━━━ DATA FOR THIS EXERCISE ━━━
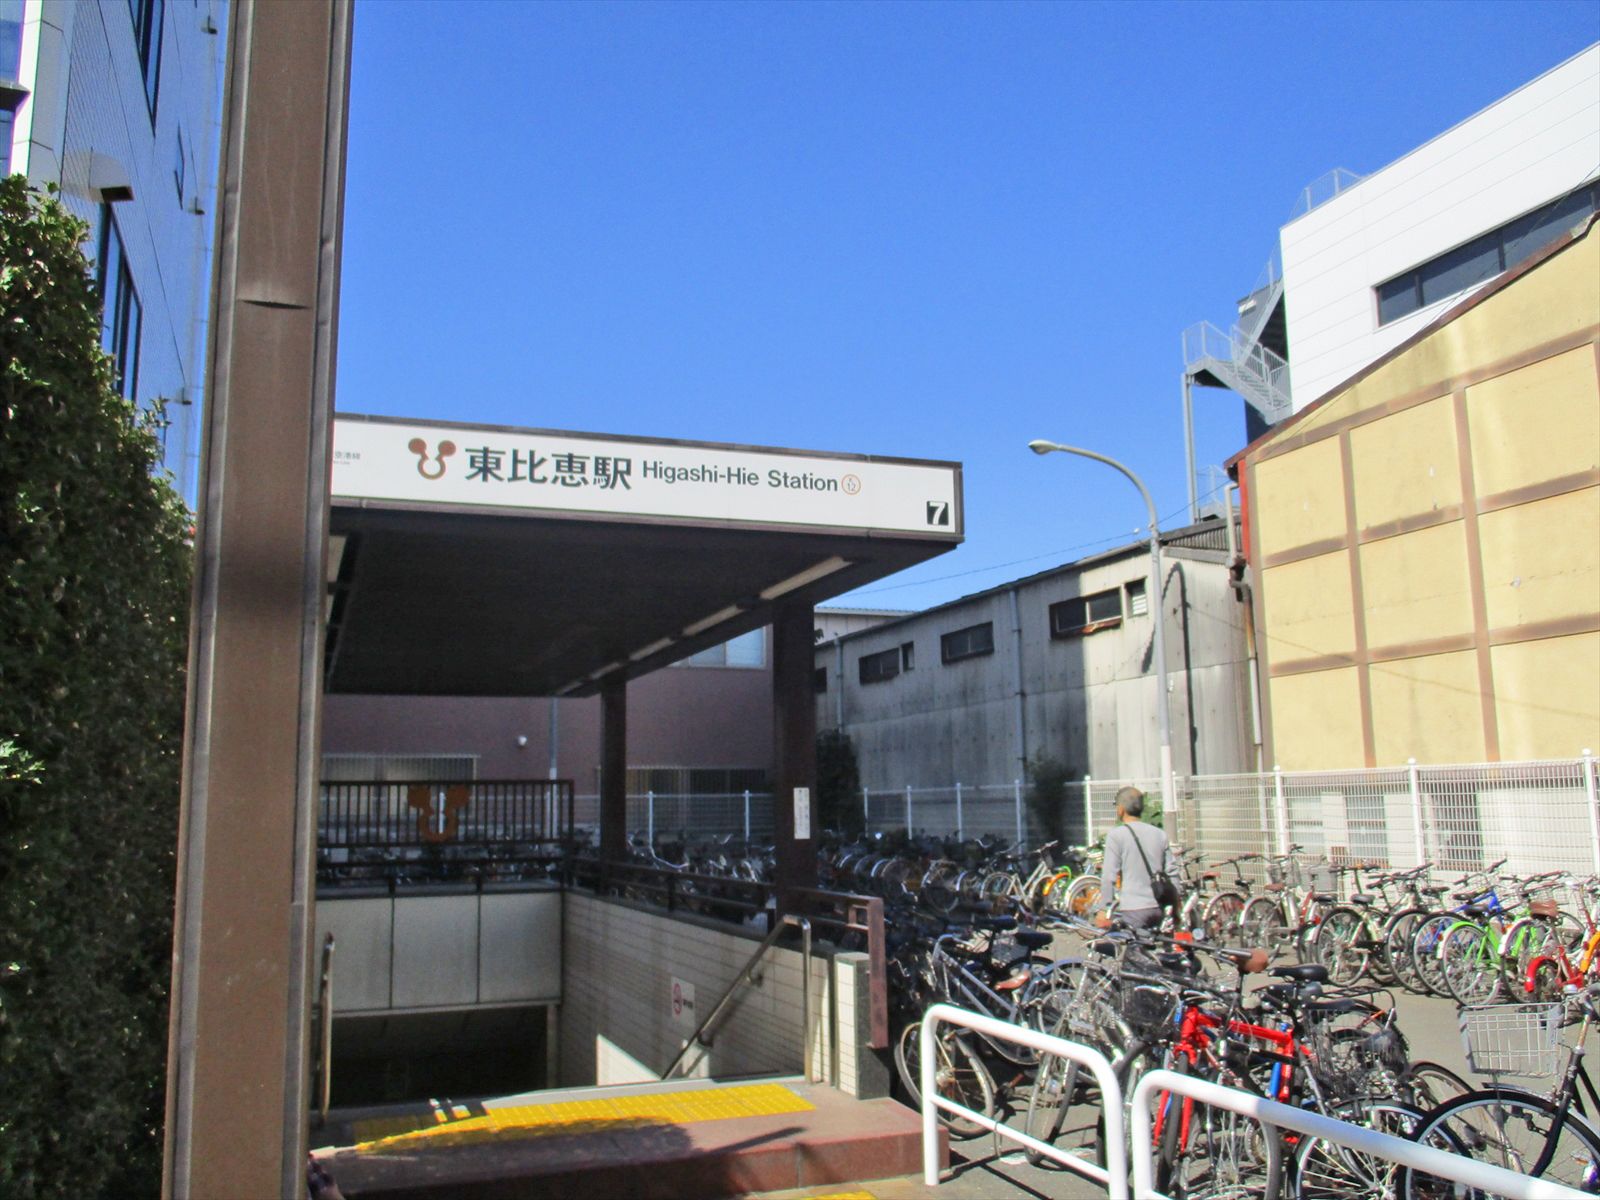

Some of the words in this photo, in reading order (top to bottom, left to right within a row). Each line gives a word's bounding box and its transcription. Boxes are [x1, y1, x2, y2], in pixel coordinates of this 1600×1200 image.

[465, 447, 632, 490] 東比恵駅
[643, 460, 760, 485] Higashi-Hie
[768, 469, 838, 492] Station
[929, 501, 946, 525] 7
━━━
:: WHAT IS EXPECTED ::
The records above are to be copied exactly, without their pictures.

:: TASK ANSWER ::
Some of the words in this photo, in reading order (top to bottom, left to right within a row). Each line gives a word's bounding box and its transcription. Boxes are [x1, y1, x2, y2], in pixel coordinates of this 1600×1200 image.

[465, 447, 632, 490] 東比恵駅
[643, 460, 760, 485] Higashi-Hie
[768, 469, 838, 492] Station
[929, 501, 946, 525] 7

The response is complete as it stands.